Francesco Zummo, 89enne imprenditore di Palermo plurindagato e socio dell’ex sindaco mafioso Vito Ciancimino, è finito ai domiciliari con le accuse di riciclaggio e autoriciclaggio aggravati dalla transnazionalità nell’ambito di un’inchiesta della Procura di Palermo alla quale hanno collaborato la Dda di Napoli e la Procura Anticorruzione albanese che hanno eseguito altre misure cautelari. Arrestato anche il commercialista Fabio Petruzzella, fratello di un magistrato palermitano: longa manus del costruttore, lo avrebbe aiutato a far sparire, sottraendoli alla confisca, 19 milioni, spostati sul conto di una banca a Tirana.
Zummo e Petruzzella sono accusati di riciclaggio e autoriciclaggio. Le Direzioni Distrettuali Antimafia di Napoli e Palermo hanno eseguito due distinti provvedimenti cautelari (rispettivamente, un decreto di fermo ed un’ordinanza di custodia cautelare) nell’ambito di due inchieste collegate su traffici illeciti internazionali. In particolare, la Procura di Palermo, diretta da Francesco Lo Voi, ha eseguito i due arresti ritenendo che esistano gravi indizi in operazioni di riciclaggio e autoriciclaggio internazionale e di fraudolento trasferimento di valori, di grosse somme di denaro mafioso derivato dal «sacco di Palermo» e dal traffico internazionale di stupefacenti conosciuto come Pizza Connection.
I pm hanno disposto anche il sequestro della somma di circa 20 milioni di euro, depositata in Albania, e il sequestro di prevenzione per circa 30 milioni di euro (in esecuzione di decreto emesso dalla Sezione Misure di Prevenzione del Tribunale), recuperando i beni sottratti all’esecuzione del decreto di confisca emesso nei confronti di Francesco Zummo.
Nell’ambito della maxi inchiesta su traffici internazionali illeciti che ha coinvolto le procure di Palermo e Napoli, portando a una misura cautelare e un decreto di fermo, l’ufficio inquirente di Napoli, diretto da Giovanni Melillo, ha individuato un’associazione criminale dedita al riciclaggio ed al traffico internazionale di enormi quantitativi di stupefacenti, scoprendo anche il ruolo di alcuni indagati coinvolti nelle vicende oggetto di indagine della Procura di Palermo.
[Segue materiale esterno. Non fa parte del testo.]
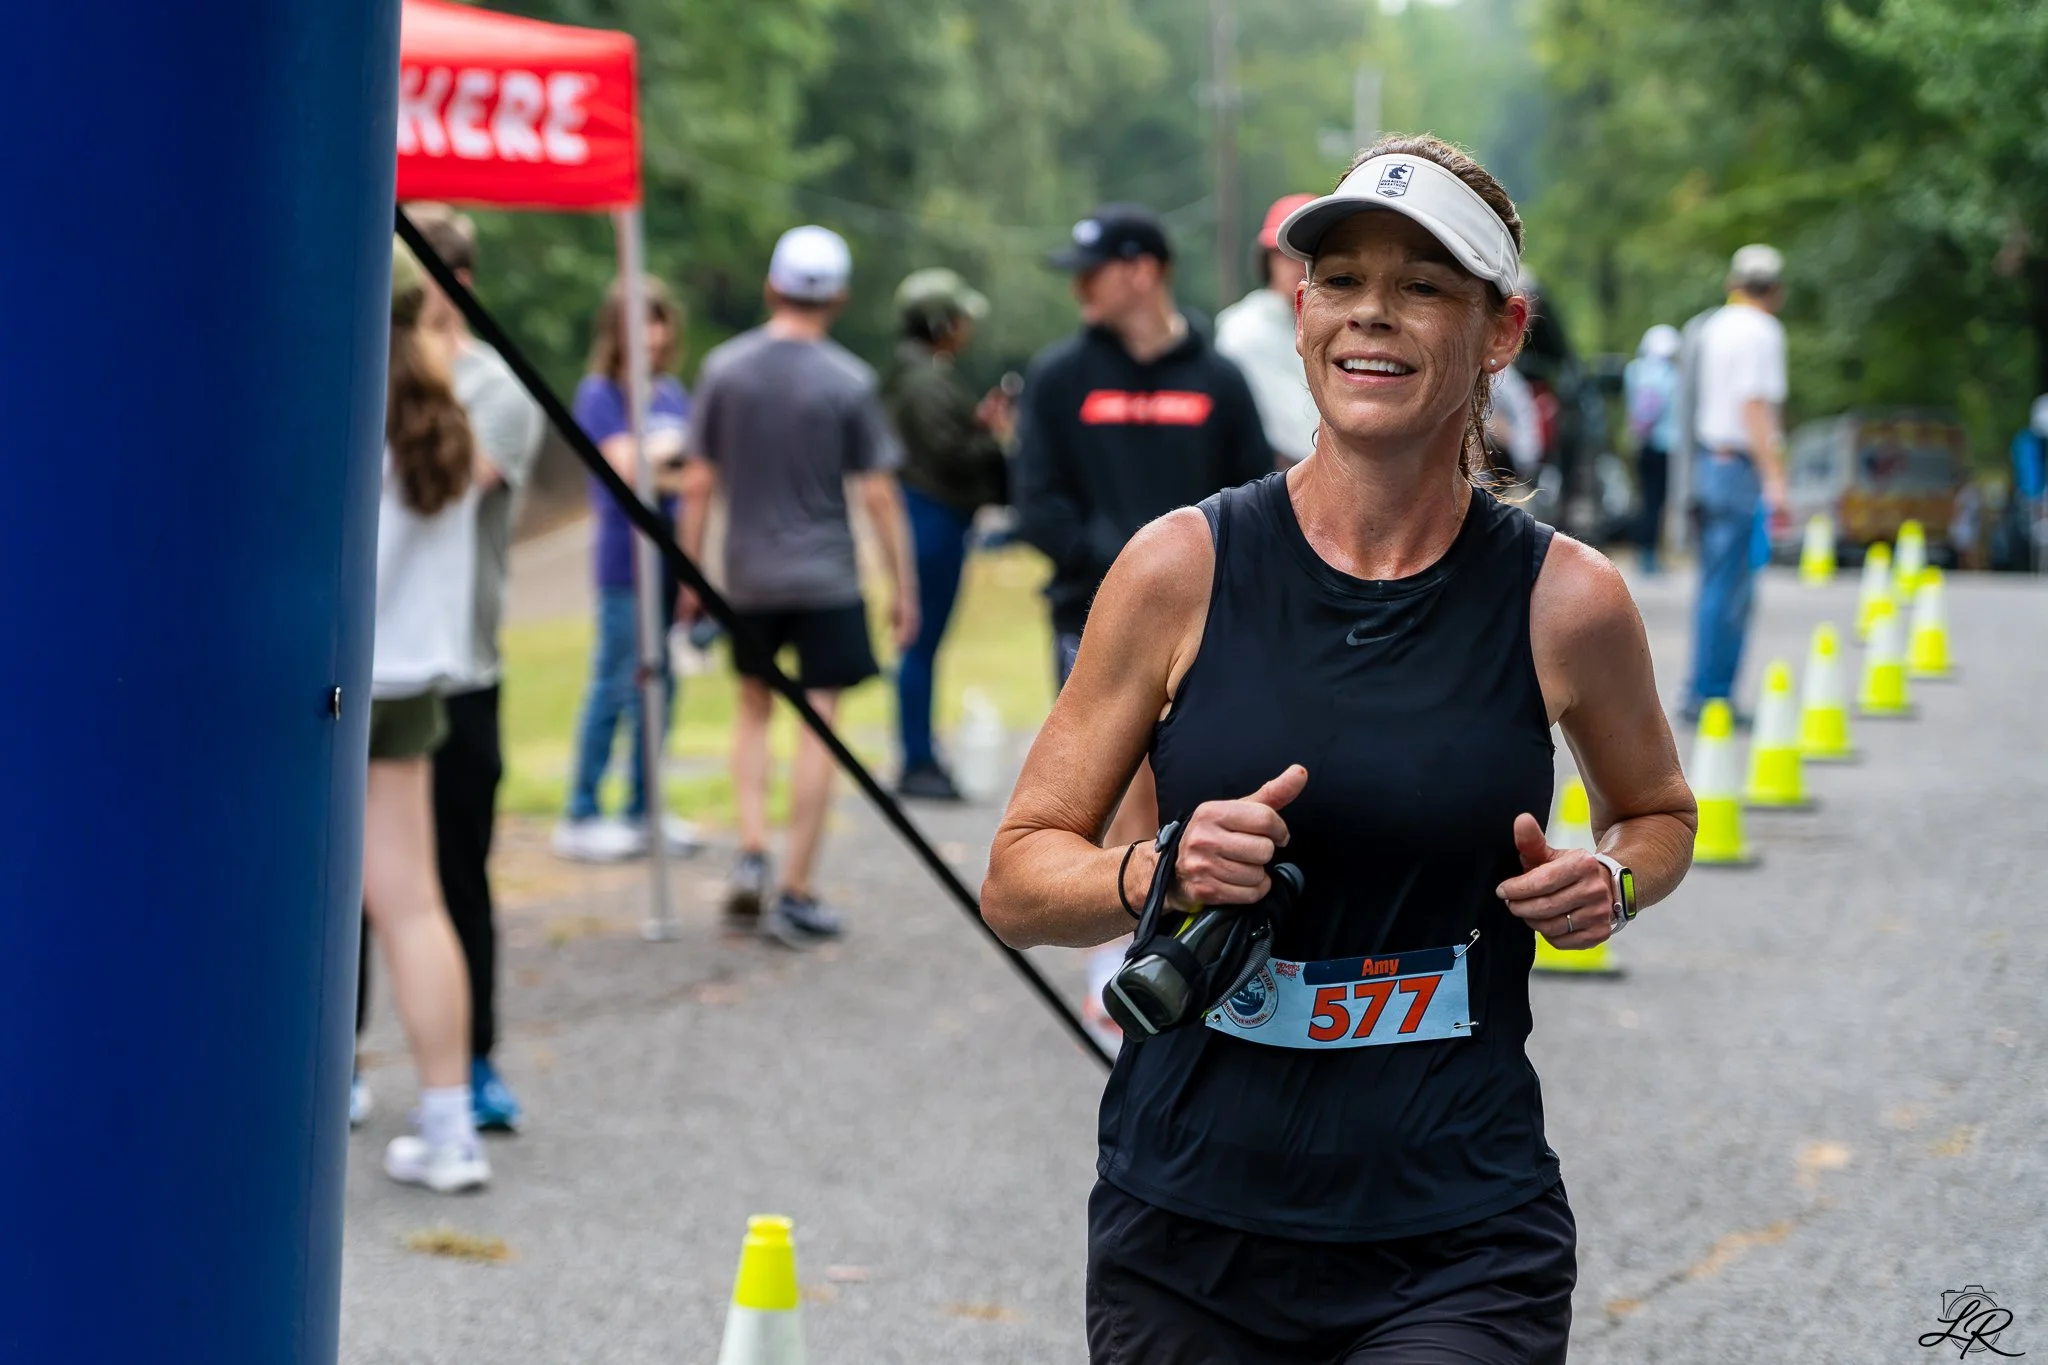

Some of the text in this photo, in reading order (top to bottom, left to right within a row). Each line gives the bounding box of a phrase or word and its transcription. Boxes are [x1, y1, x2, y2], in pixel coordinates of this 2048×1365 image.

Le indagini, avviate all’indomani del sequestro, eseguito nel giugno del 2020 nel porto di Salerno, di oltre 17 tonnellate di stupefacenti (di cui Kg. 2.884,5 di hashish e Kg. 14.191,88 di captagon), hanno condotto all’individuazione di una sofisticata banda, con basi in Albania, Italia e Svizzera, che importava grandi quantitativi di cocaina e hashish dal Sudamerica e dal Nordafrica e al riciclaggio dei relativi, enormi profitti. Le indagini della Dda si sono avvalse della collaborazione - realizzata anche mediante l’attivazione di una Squadra Investigativa Comune - del Ministero Pubblico della Confederazione Svizzera e della Polizia Giudiziaria Federale (Divisione Criminalità Economica) di Lugano.